- **AIM OF THE TASK**: From the listing below, output the lines between the one with "this 1288×966 image." and the one with "Some of the words", including those two, and nothing else. Pictures are not copied.

- **RAW DATA**:

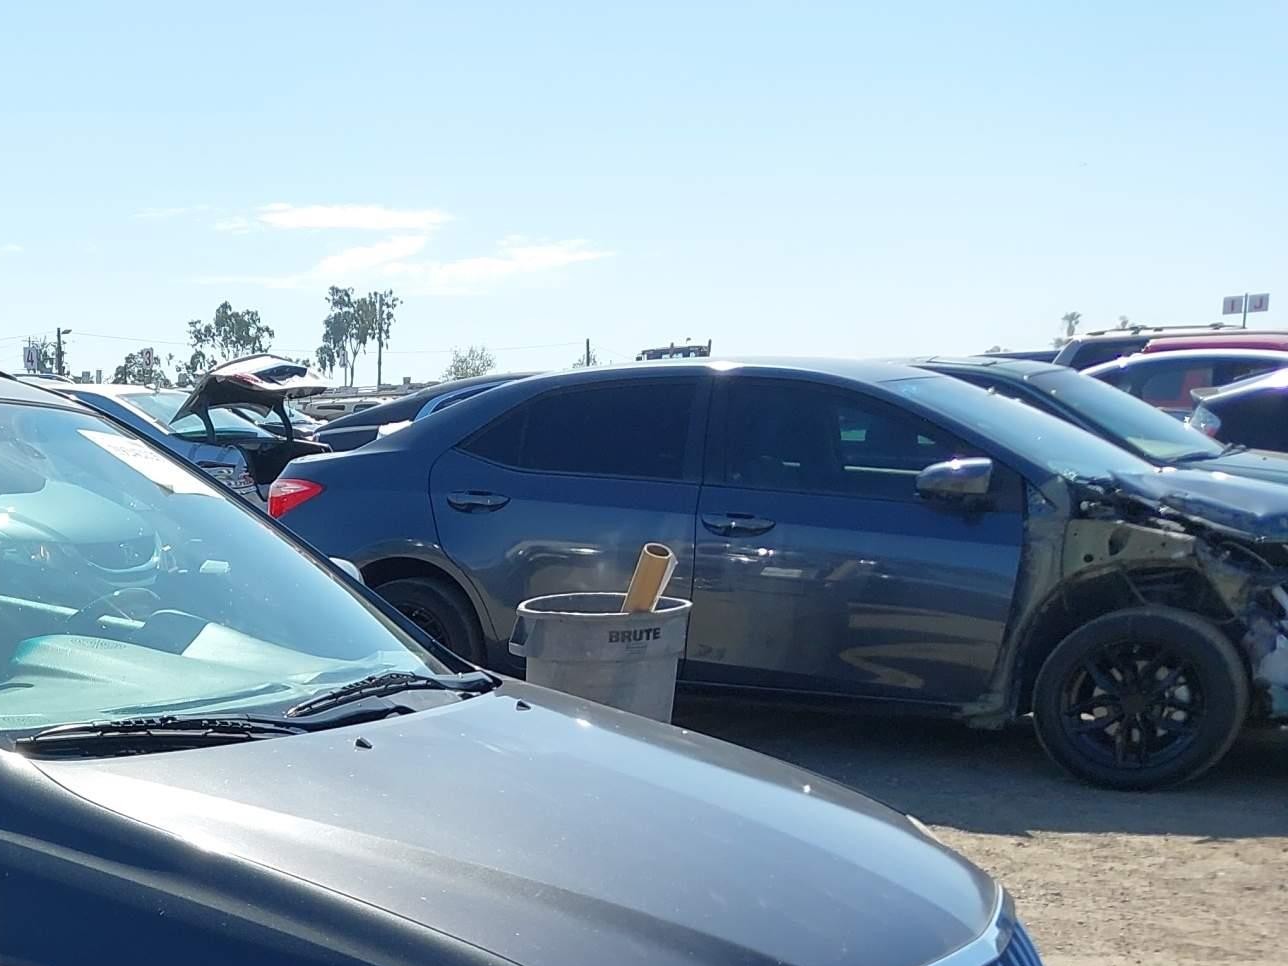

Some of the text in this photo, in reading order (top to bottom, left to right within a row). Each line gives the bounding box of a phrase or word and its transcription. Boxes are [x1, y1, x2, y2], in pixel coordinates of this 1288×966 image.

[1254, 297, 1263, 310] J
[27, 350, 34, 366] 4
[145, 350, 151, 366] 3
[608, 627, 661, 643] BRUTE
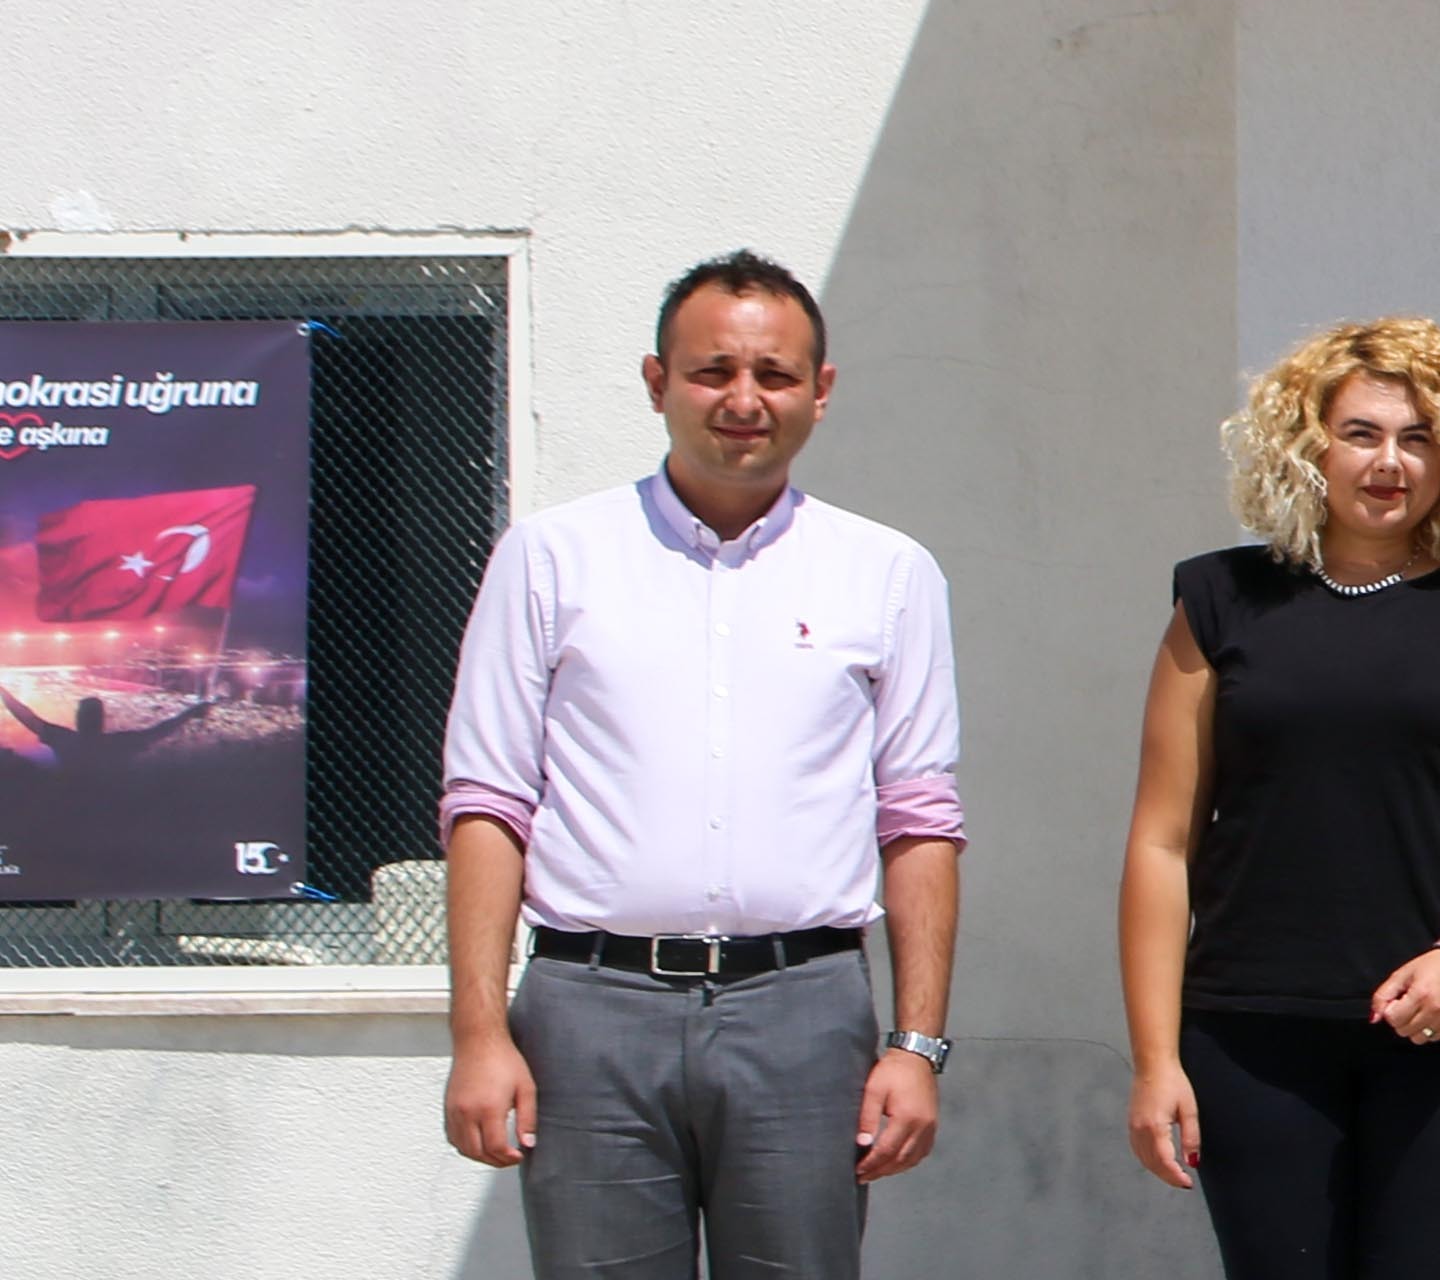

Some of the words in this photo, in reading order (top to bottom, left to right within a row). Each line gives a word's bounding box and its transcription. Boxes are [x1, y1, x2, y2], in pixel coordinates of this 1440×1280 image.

...

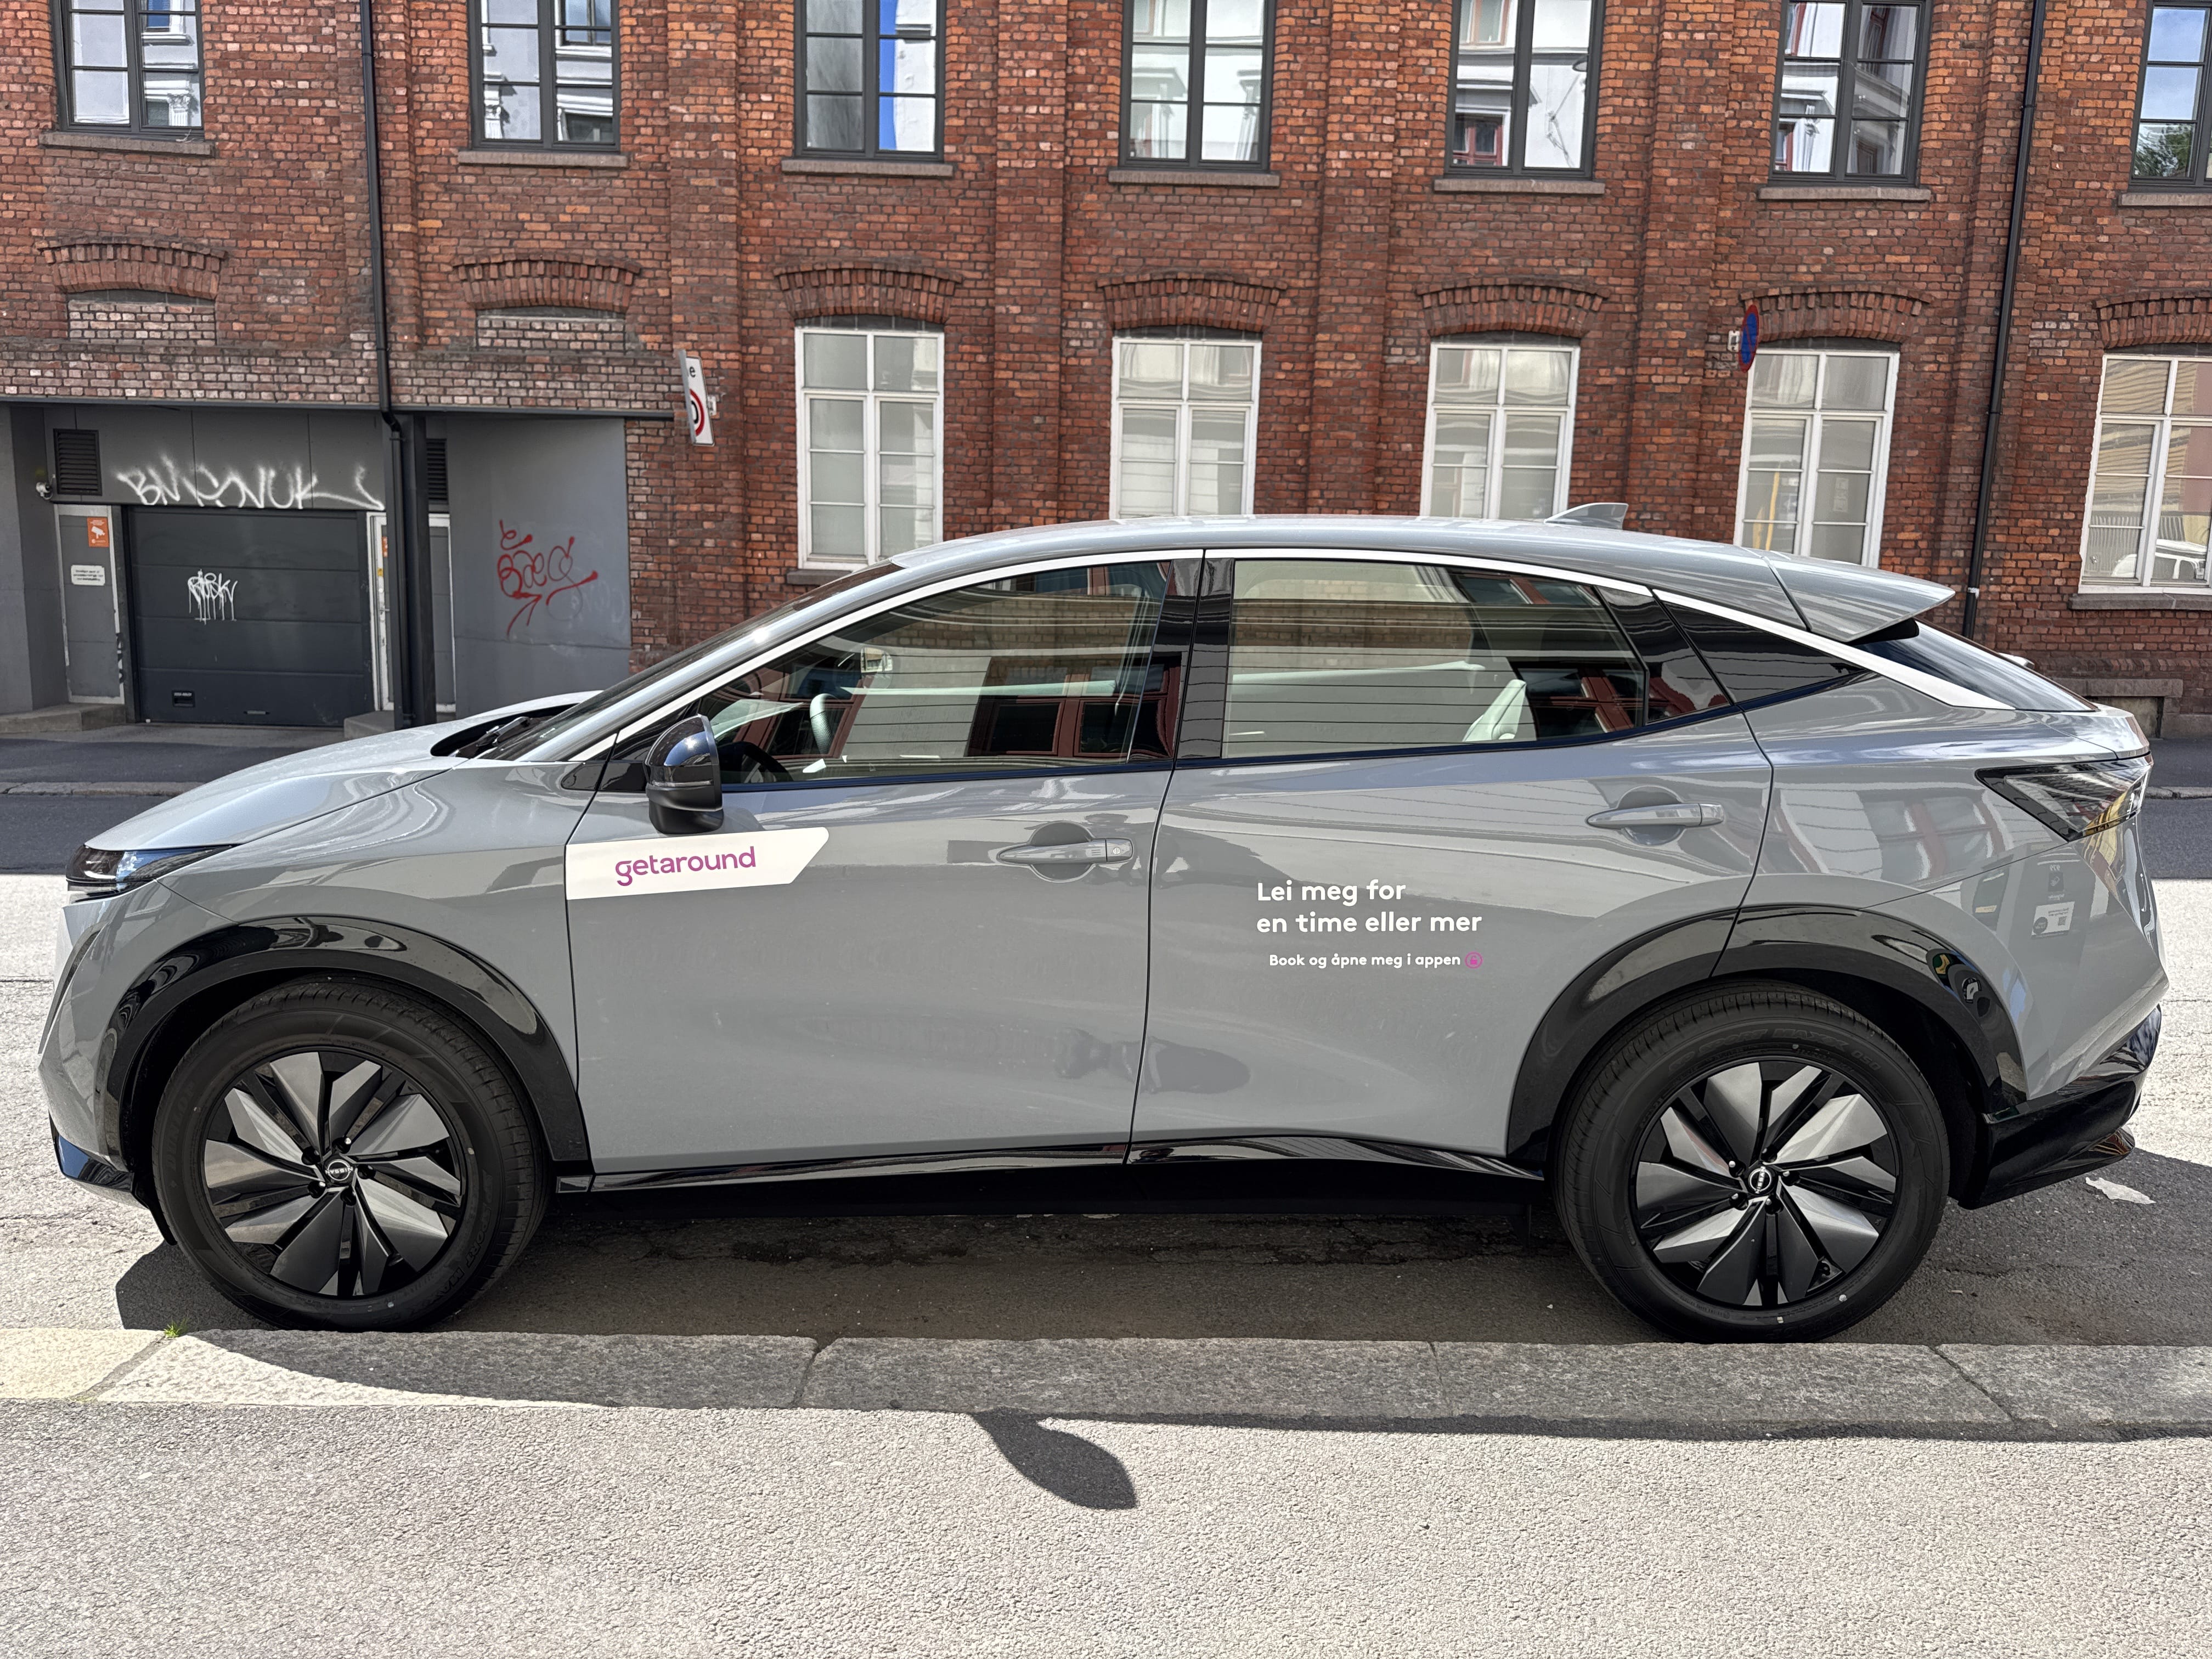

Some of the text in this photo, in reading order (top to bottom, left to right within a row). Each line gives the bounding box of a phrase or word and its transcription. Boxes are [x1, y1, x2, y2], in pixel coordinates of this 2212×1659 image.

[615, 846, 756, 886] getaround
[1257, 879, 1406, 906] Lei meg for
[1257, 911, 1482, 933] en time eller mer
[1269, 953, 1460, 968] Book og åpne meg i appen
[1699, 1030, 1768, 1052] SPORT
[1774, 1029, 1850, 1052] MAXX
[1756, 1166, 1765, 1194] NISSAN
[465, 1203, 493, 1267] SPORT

- **EXERCISE OUTPUT**:
Some of the text in this photo, in reading order (top to bottom, left to right within a row). Each line gives the bounding box of a phrase or word and its transcription. Boxes are [x1, y1, x2, y2], in pixel coordinates of this 1288×966 image.

[1254, 297, 1263, 310] J
[27, 350, 34, 366] 4
[145, 350, 151, 366] 3
[608, 627, 661, 643] BRUTE

Some of the words in this photo, in reading order (top to bottom, left to right within a row). Each line gives a word's bounding box and its transcription. Boxes are [x1, y1, x2, y2], in pixel coordinates of this 1440×1280 image.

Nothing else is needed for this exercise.